E-Fauna BC: Electronic Atlas of the Wildlife of British Columbia

Podiceps auritus (Linnaeus, 1758)
Horned Grebe
Family: Podicipedidae

Species account author: Jamie Fenneman
Photo of species

© Tim Zurowski  Email the photographer   (Photo ID #10362)

Distribution of Podiceps auritus in British Columbia.
(Click on the map to view a larger version.)
Source: Distribution map provided by Jamie Fenneman for E-Fauna BC

Species Information

Breeding adult
This plumage is acquired ~March-April and is held into the late summer. The upperparts are primarily dull greyish-black, sometimes with a brownish tinge, with paler feather edges throughout the back, scapulars, rump, and upperwing coverts (giving the upperparts a somewhat scaled appearance). The secondaries and innermost lesser and median upperwing coverts are white, forming two discrete white patches on each wing that can be seen in flight. The lower breast and belly are whitish and the sides and flanks are rufous or rufous-chestnut, often with some darker dusky-brown mottling. The neck is primarily bright rufous, except for a dark dusky-brown stripe along the back of the neck. The head is largely blackish with long, bushy feathers forming a greatly distended hood that is most apparent on the lower portions of the face. A bright yellow or buffy-yellow stripe extends from the eye back towards the nape, where it flares into a pair of “horns” (one on each side of the head); the lores are dull rufous and the crown and forehead are dull blackish (paler and greyer on the forehead and forecrown). The iris is bright red, the relatively short, straight, pointed bill is blackish with a very small whitish or pale yellow tip, and the legs and feet are dark blue-grey to brownish-black with yellow edges to the toes.

Non-breeding adult
The non-breeding plumage is acquired in late summer or early fall (~August-September) and is held into the following spring. Upperparts are uniformly dark greyish-black with somewhat paler and greyer feather edges, giving the upperparts a faintly scaled pattern. The upperwings show a bold white patch on the secondaries (visible only in flight) but many individuals do not show a second white patch on the upperwing coverts, as is present during the breeding season. The underparts are largely whitish, washed with grey on the lower belly and undertail coverts, with dark greyish-black or brownish-grey mottling and streaking on the sides and flanks. The foreneck is whitish and variably washed with grey, becomiong darker (sometimes almost blackish) on the sides of the neck, there is also a dark blackish stripe down the back of the neck. The chin, throat, cheeks, sides of the nape, and lower ear coverts are white, forming a bold white face patch that contrasts sharply with the black cap formed by the blackish forehead, crown, upper ear coverts, and centre of the nape; there is often a small, irregular whitish or pale greyish loral spot. Bare part colouration is generally similar to that of the breeding-plumaged adult, but the bill is paler and greyer or horn-coloured, although there is still a small pale or whitish tip.
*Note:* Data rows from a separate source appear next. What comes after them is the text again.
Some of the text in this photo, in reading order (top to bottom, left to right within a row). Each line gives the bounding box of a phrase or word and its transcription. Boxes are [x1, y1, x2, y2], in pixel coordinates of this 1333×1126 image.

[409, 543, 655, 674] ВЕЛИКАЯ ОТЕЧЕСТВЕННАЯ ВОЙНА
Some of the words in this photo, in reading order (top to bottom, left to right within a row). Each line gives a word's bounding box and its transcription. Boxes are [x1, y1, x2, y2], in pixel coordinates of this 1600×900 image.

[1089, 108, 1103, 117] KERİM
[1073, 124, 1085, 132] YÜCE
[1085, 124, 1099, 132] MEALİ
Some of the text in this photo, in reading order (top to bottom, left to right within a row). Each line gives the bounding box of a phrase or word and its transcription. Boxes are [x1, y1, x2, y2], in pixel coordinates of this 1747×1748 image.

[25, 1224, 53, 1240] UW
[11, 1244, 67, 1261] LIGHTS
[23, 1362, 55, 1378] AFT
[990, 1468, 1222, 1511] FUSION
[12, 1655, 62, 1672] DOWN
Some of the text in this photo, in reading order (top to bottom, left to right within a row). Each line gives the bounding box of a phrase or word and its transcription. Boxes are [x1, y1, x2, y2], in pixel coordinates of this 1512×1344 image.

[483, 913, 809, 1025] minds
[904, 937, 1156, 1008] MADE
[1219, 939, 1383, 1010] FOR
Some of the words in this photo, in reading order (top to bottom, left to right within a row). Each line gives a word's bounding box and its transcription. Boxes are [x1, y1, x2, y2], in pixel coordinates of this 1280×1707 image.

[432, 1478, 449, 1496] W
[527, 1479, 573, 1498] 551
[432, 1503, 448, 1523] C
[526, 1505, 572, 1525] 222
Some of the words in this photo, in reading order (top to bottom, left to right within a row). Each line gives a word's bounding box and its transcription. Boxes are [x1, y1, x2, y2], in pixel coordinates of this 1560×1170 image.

This plumage is retained into the fall (October-November) of the first year, after which it is lost and an adult-like non-breeding plumage is attained. This plumage is more or less similar to the adult non-breeding plumage, but the sides of the face show variable, irregular dusky-brown stripes and the overall head/face pattern is more diffuse and less sharply contrasting. The foreneck is washed with buffy-brown, and the plumage is overall browner than that of the non-breeding adult and lacks the pale feather edges on the upperparts.

Total Length: 29-33 cm
Mass: 300-567 g

Source: Sibley (2000); Stedman (2000)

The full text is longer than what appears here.